Thursday, 19 February 2009
Green Dragon hit rough weather, on leg 5 of the Volvo Ocean Race. Image copyright Guo Chuan/Green Dragon Racing/Volvo Ocean Race.
by Mark Chisnell
Another day, another 400 or so miles on the clock – wind speed: mid-teens; wind direction: northerly. Nothing much has changed. These are the humdrum miles, the 9-to-5 miles, the are-we-nearly-there-yet miles, the boat speed miles… this is where the speed kings earn their keep.
Taking home the big bucks were Torben Grael and Ericsson 4 – still topping the pile, with Ken Read and PUMA handcuffed to them for the road trip - the deficit locked in at around 10 miles.
By 10:00 ZULU this morning, the wind speed had eased just a touch more to the low teens, while the direction had started the long veer (clockwise rotation) to the right, that will eventually end (the other side of the Doldrums) in the south-east trade winds. The devil as always is in the details.
So, a couple of other things have changed, well, maybe three – no, make that four - boots are being traded for shoes on board. The second is that the leaders have started the course change towards the south. As the wind shifted towards the east, PUMA and Ericsson both let the wind angle tighten to about 110 degrees.
Then, as the wind continued to shift, they altered course to go with it, to end up sailing south-east – not far from the course to the scoring gate, which is currently 155 degrees (BRG_WPT). But PUMA went just a touch further with the course change than Ericsson 4, steering a little more south, so that there is now just over 25 miles between them, east to west.

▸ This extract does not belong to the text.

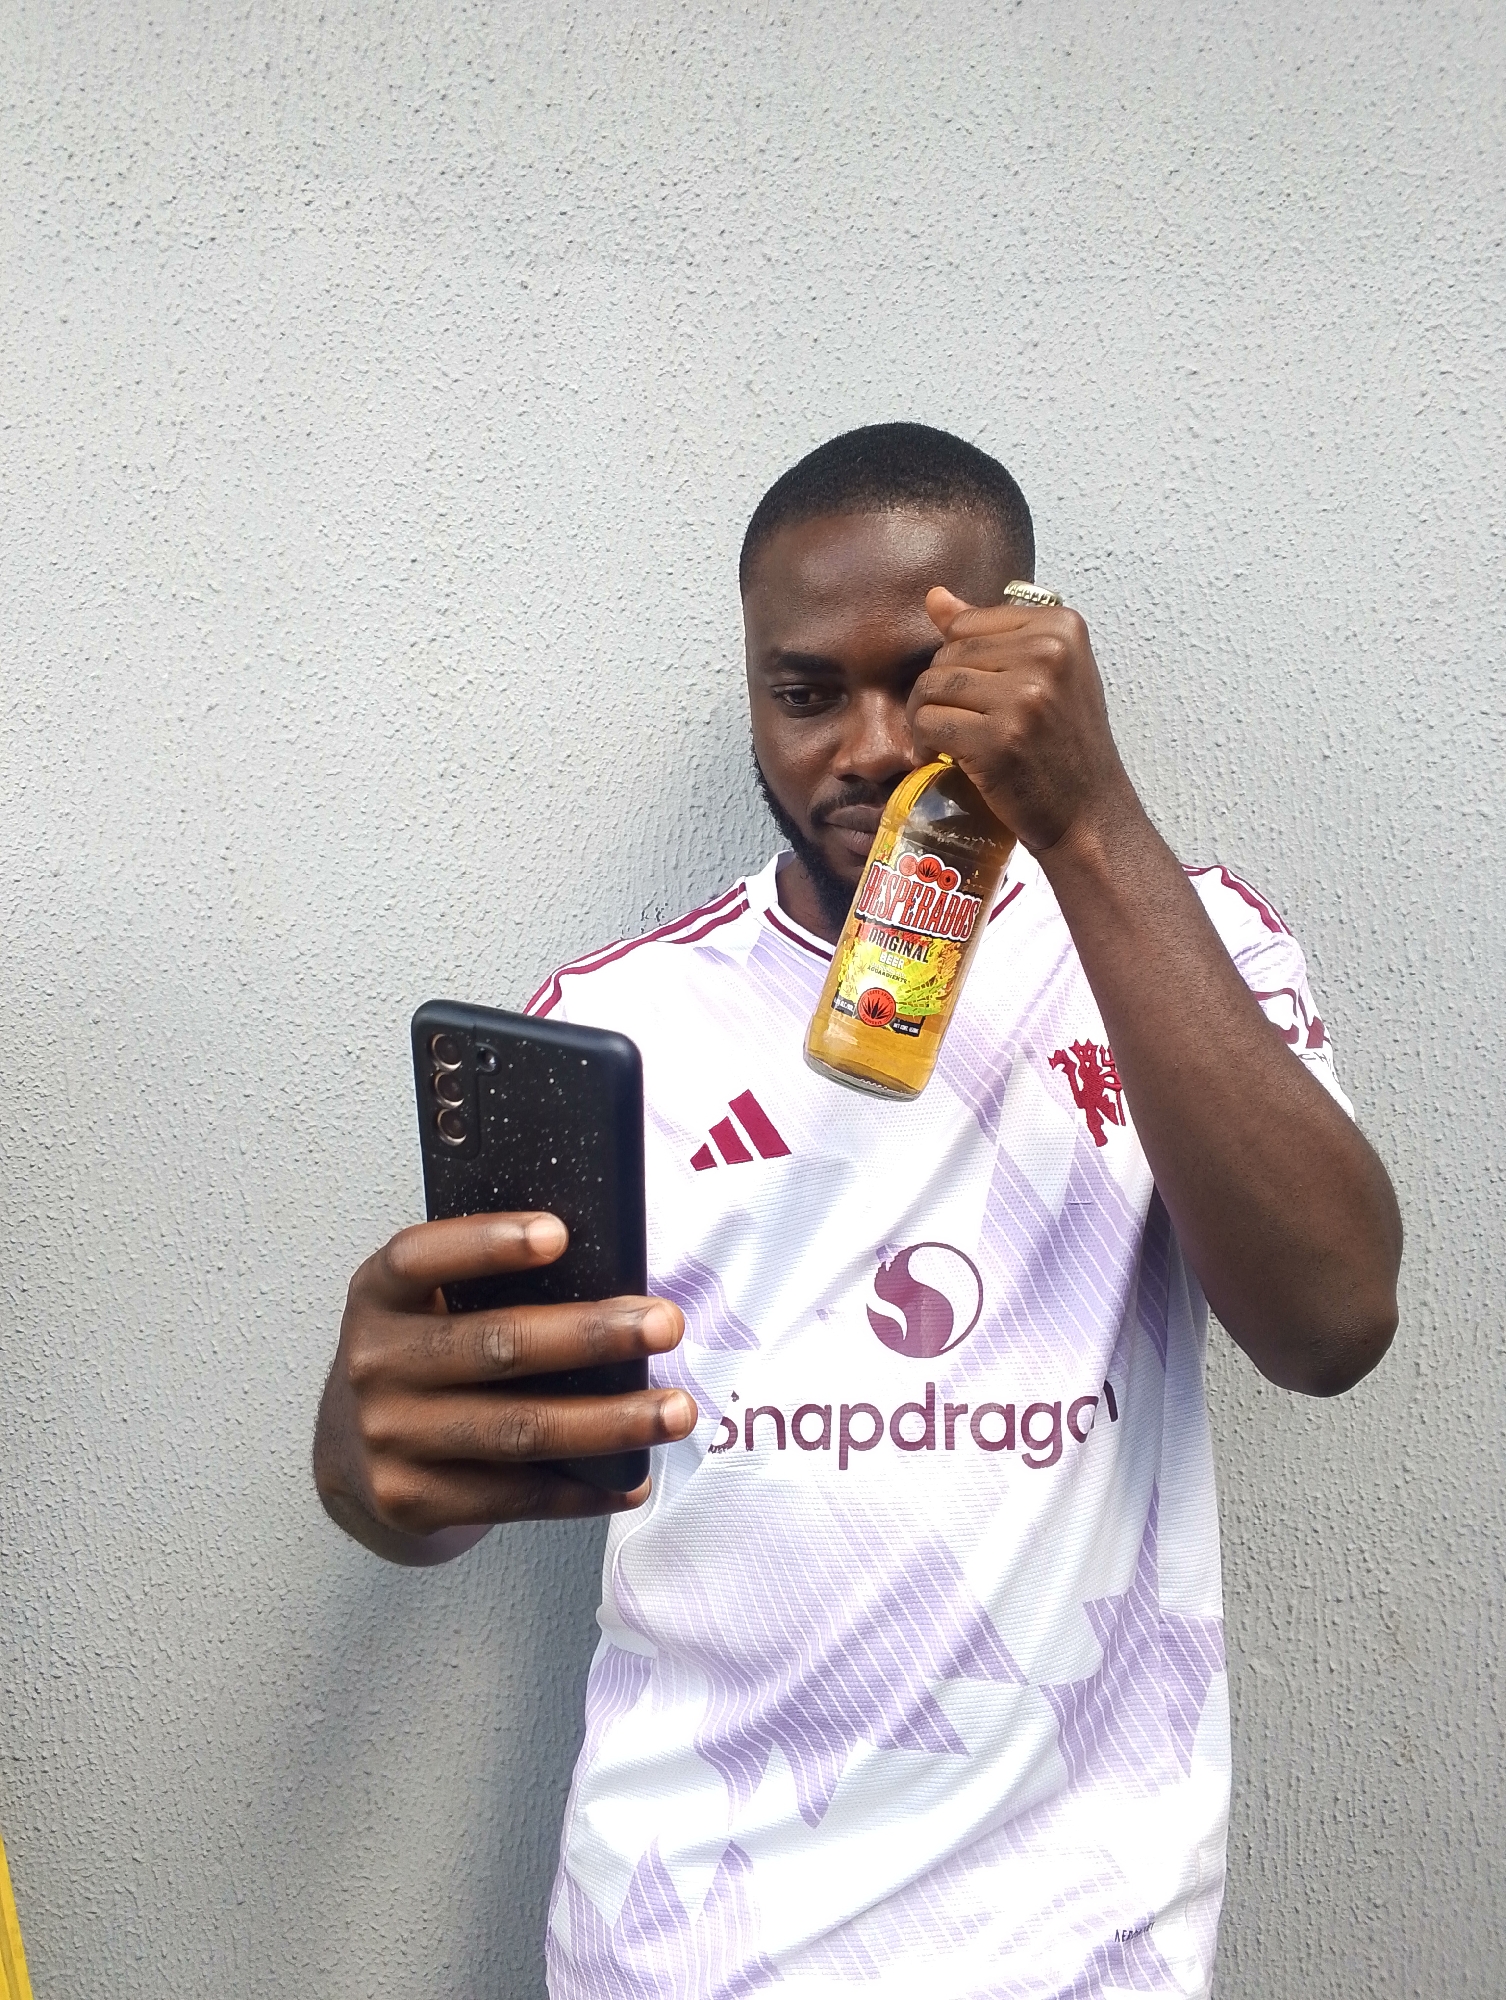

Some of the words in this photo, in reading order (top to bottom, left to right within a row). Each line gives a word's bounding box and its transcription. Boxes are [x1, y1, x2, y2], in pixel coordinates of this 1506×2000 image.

[857, 864, 981, 939] DESPERADOS
[868, 926, 929, 963] ORIGINAL
[879, 951, 905, 970] BEER

The third thing is that the lead pair has poured on the mileage since yesterday – in 24 hours they’ve gained 55+ miles on each of the three boats behind them. I think this is partly boat speed, and partly the hand dealt by the weather, which at the moment is favouring the leaders. The latest analysis from Matt Sanders, Assistant Race Forecaster, describes how the fleet has been riding south on a wave of solid breeze, driven by a combination of high pressure dropping south behind them, and a cold front ahead of them. The high pressure is particularly visible, growing and drifting south-east and then east, if you click through the forecasts on the Race Viewer.
Bowman David Vera climbing up the sail to change a sheet, on leg 5 of the Volvo Ocean Race. Image copyright Gabriele Olivo/Telefonica Blue/Volvo Ocean Race.
Initially, this was great for the boats behind, the late-starters - Ericsson 3 and Telefonica Blue - as they were pushed down to the leaders on the new south-going breeze. But since then, the trailing boats have been closer to the centre of the high pressure, and consequently in a little bit less wind – and they have had to watch the leaders ease away from them. The squeeze box is back – always a feature of these north-south legs, where the fleet is crossing from one climate zone to another.
Green Dragon is aiming for an eastern transition of The Doldrums
And that brings us to the fourth thing - the fate of Green Dragon’s play to the east. For the next 24 hours the best breeze is to the west, as they transition from the northerly, into the north-east trade winds. There is a problematic area of light winds off to the east.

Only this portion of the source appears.